Settantadue (72) genotipi sono stati generati come parte di una sorveglianza della resistenza ai farmaci trasmessa studio, annidati all'interno di un ampio studio prospettico di sorveglianza HIV basato sulla popolazione. I campioni primari erano l'ago puntura sangue intero raccolto in microtubi EDTA. Al genotipizzazione c'era un tasso di amplificazione di 79% 19. Approvazione etica per la genotipizzazione di campioni dallo studio di sorveglianza è stato ottenuto presso l'Università di KwaZulu-Natal Ricerca Biomedica Comitato Etico (rif.

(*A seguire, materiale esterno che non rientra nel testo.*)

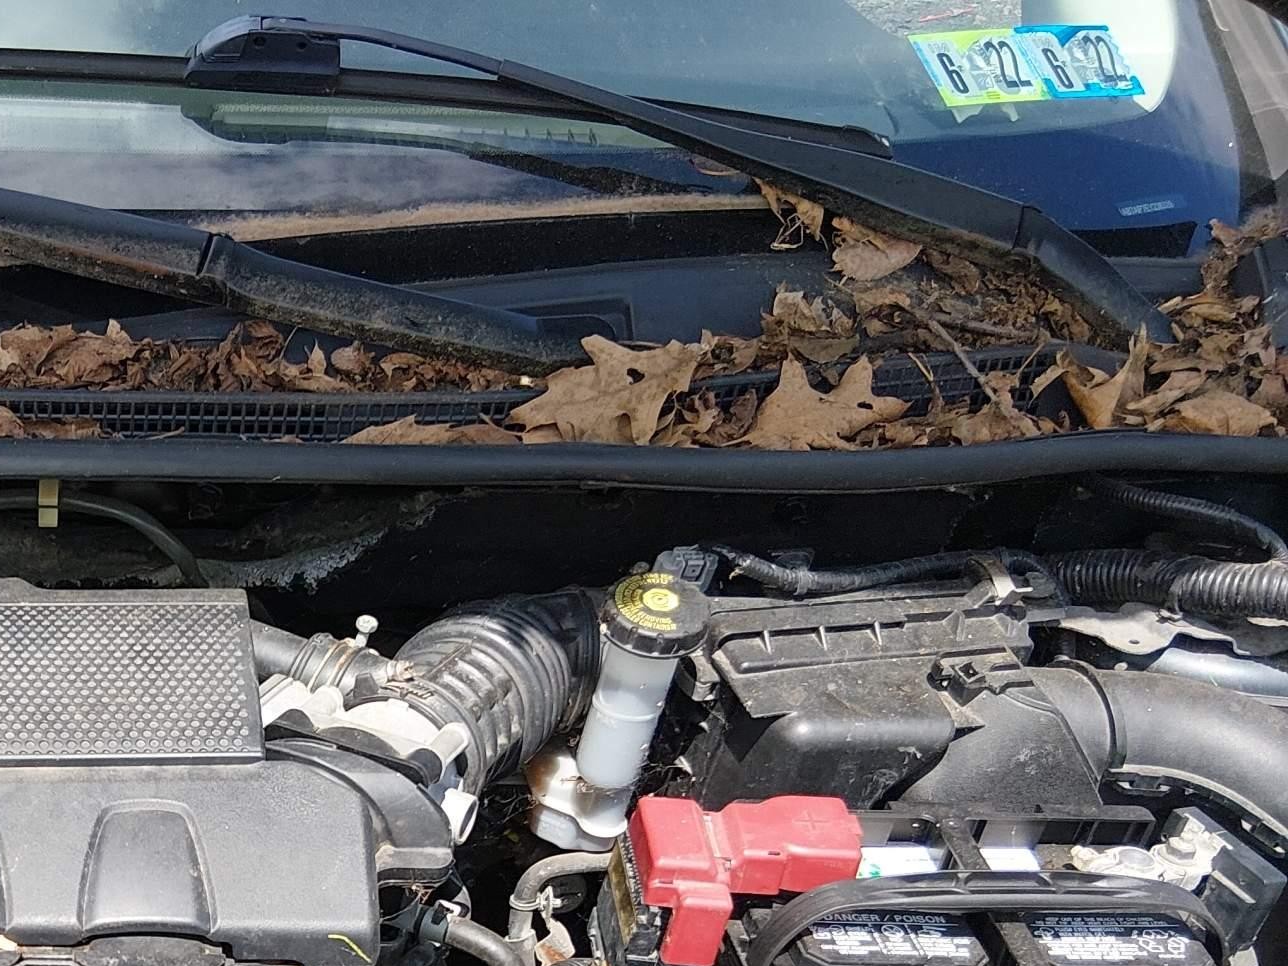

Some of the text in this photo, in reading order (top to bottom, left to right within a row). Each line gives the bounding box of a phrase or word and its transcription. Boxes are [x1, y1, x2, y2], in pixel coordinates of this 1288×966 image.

BE066107).

Nome Primer Sequenza Lunghezza Direzione Posizione HXB2
MAW-26 TTGGAAATGTGGAAA GGAAGGAC 23 Avanti 2028-2050 1 ° Turno PCR
RT-21 CTGTATTTCAGCTATC AAGTCCTTTGATGGG 31 Reverse 3539-3509 1 ° Turno PCR
Pro-1 TAGAGCCAACAGCCC cacca 20 Avanti 2147-2166 Turno PCR seconda
RT-20 CTGCCAATTCTAATTC TGCTTC 22 Reverse 3462-3441 Turno PCR seconda
RTC1F ACCTACACCTGTCAA CATAATTG 23 Avanti 2486-2508 Sequencing
RTC2R TGTCAATGGCCATTG TTTAACCTTTGG 27 Reverse 2630-2604 Sequencing
RTC3F CACCAGGGATTAGAT ATCAATATAATGTGC 30 Avanti 2956-2994 Sequencing
RTC4R CTAAATCAGATCCTAC ATACAAGTCATCC 29 Reverse 3129-3101 Sequencing
RT-y GTGTCTCATTGTTTAT ACTAGG 22 Reverse 2967-2946 Sequencing
MAW-46 TCCCTCAGATCACTC TTTGGCAACGAC 27 Avanti 2251-2277 Sequencing

Tabella 1. Trascrizione, PCR e sequenziamento primer personalizzati utilizzati nella generazione di un frammento di 1197 bp pol copre tutti i 99 HIV-1 proteasi codoni e le prime 300 codoni del gene trascriptase inversa inverse.

RT21 (5pmol/ml) 0.5 0.2
dNTP (10 mM) 0.5 0.4
Totale 1

Tabella 2. dNTP / Primer miscela per la reazione di trascrizione inversa.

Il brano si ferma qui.